Taxonomic classification of contigs

A metagenomic analysis is not complete without taxonomic assignments: we want to know what species of bacteria are present. Especially those harbouring antibiotic resistance genes (ARGs). Namaste takes the assembled contigs from which the ARGs are masked and classifies those using Centrifuger (version 1.0.6) with the provided database for human, bacteria, viruses and archea: cfr_hpv+gbsarscov2.

Centrifuger assigns taxonomy to each contig, based on the lowest common ancestor of all valid matches in the database. (See details in the paper.) By default, it also consider matches with a short hit length, opening up the possibility of finding matches based on sequencing barcodes that remain in the input reads and reference database. To avoid these potential, unwanted hit, Namaste also runs Centrifuger with a stricter increased minimum hit length of 100bp (option --min-hitlen 100).
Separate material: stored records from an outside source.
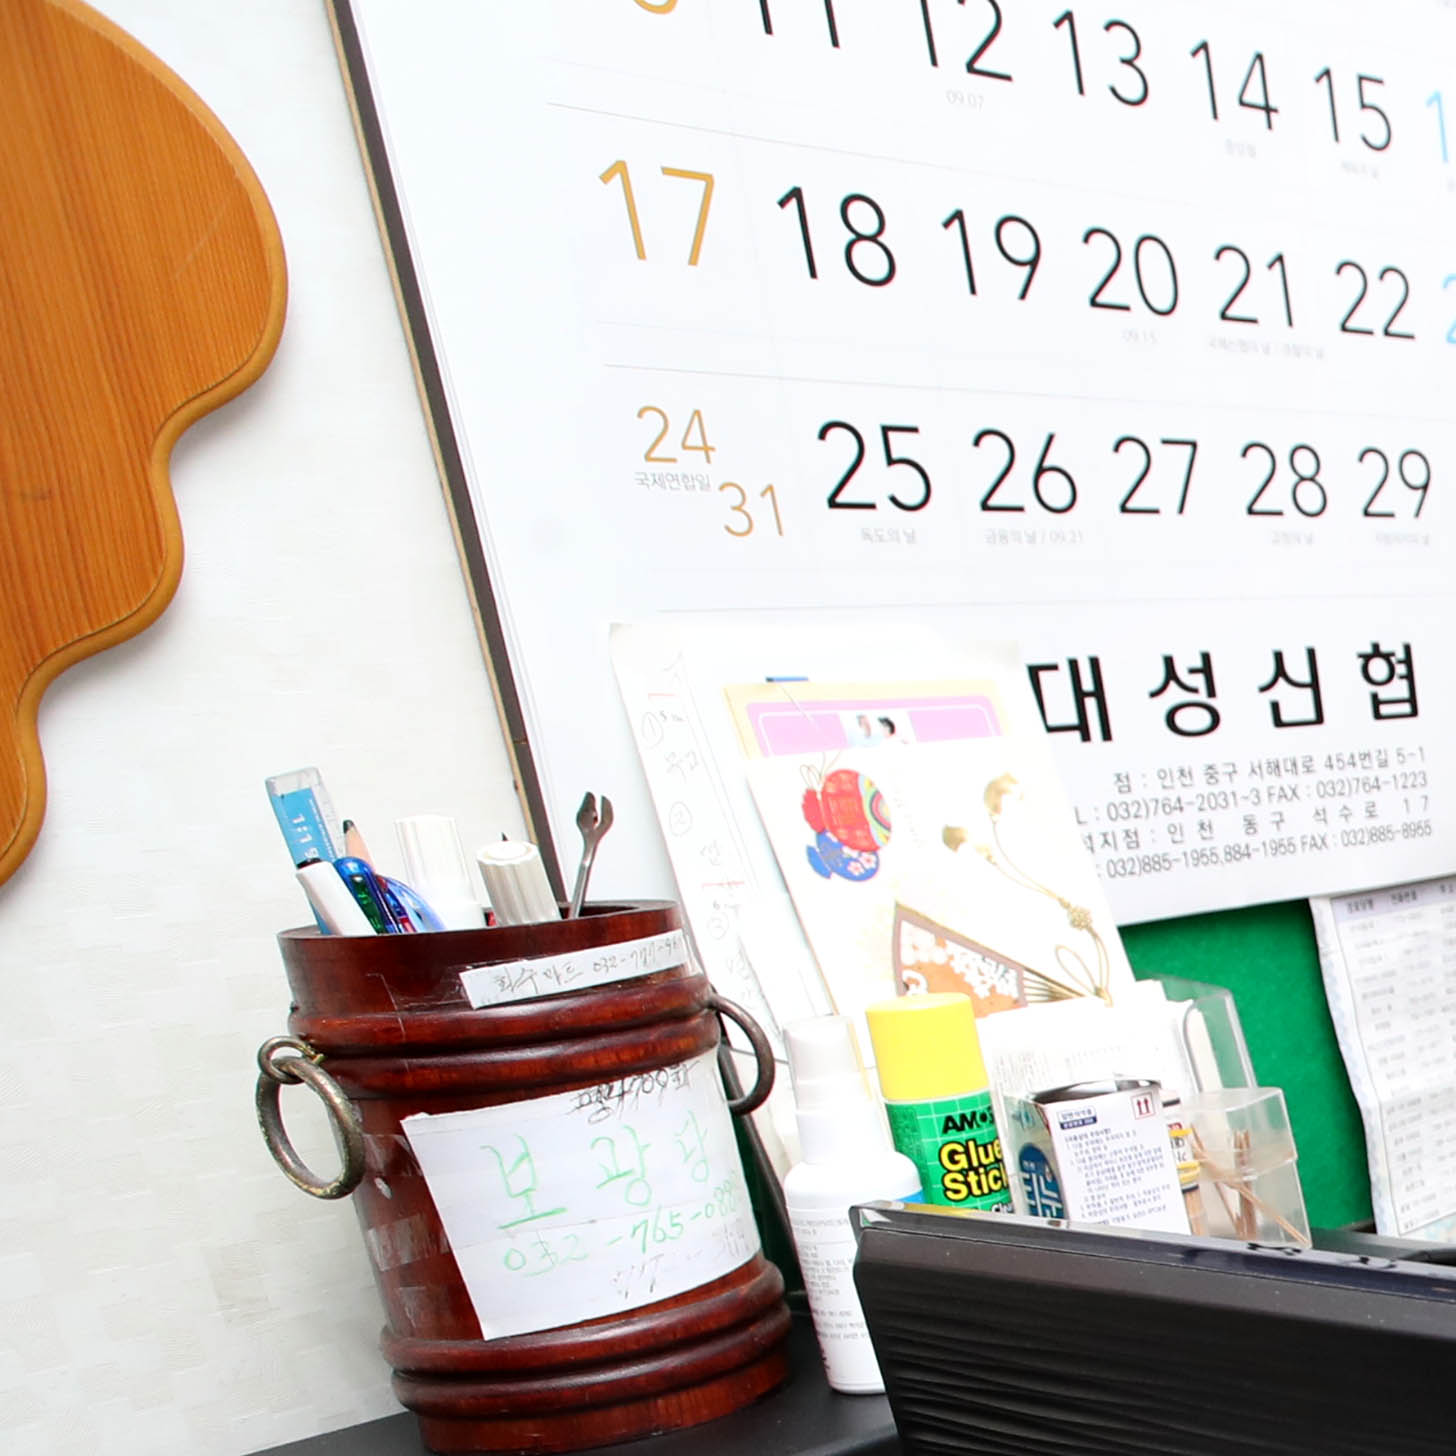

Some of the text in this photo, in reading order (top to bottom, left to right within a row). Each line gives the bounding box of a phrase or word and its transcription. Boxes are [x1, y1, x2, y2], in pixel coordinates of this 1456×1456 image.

[1053, 10, 1149, 107] 13
[1190, 40, 1278, 131] 14
[1314, 66, 1393, 152] 15
[599, 160, 716, 266] 17
[777, 186, 897, 287] 18
[942, 208, 1042, 301] 19
[1083, 226, 1179, 317] 20
[1213, 244, 1293, 328] 21
[1335, 260, 1416, 340] 22
[635, 405, 716, 465] 24
[817, 420, 933, 512] 25
[972, 428, 1078, 516] 26
[1113, 435, 1197, 515] 27
[1240, 442, 1327, 518] 28
[1358, 446, 1431, 518] 29
[718, 482, 784, 537] 31
[1026, 641, 1419, 743] 대성신협
[1157, 767, 1194, 791] 인천
[1203, 762, 1238, 786] 중구
[1248, 755, 1315, 779] 서해대로
[1324, 748, 1389, 771] 454번길
[1397, 746, 1426, 766] 5-1
[1268, 783, 1300, 803] FAX
[1300, 832, 1328, 853] FAX
Centrifuger assigns the taxonomy as taxon ID or 'taxid', which is a number that corresponds to a taxon from NCBI's taxonomy tree. To convert this to the scientific name, Namaste uses taxonkit reformat (version 0.18.0) with NCBI's 'taxdump' file. and returns names for taxonomic ranks:

  • kingdom
  • phylum
  • class
  • order
  • family
  • genus
  • species

These are appended to the tabular output file in a human and machine friendly TSV format. Final classifications for each sample are saved per contig, and also converted to per species tables - each in tab-separated (TSV) format. This information is also used in the final, overall outputs: assembly database and mutation database.

Output files

Taxonomic classification consists of three steps:

  1. Taxon ID assignment by Centrifuger
  2. Conversion to scientific name by Taxonkit
  3. Calculating per sample microbiota profiles in R (per contig and per species)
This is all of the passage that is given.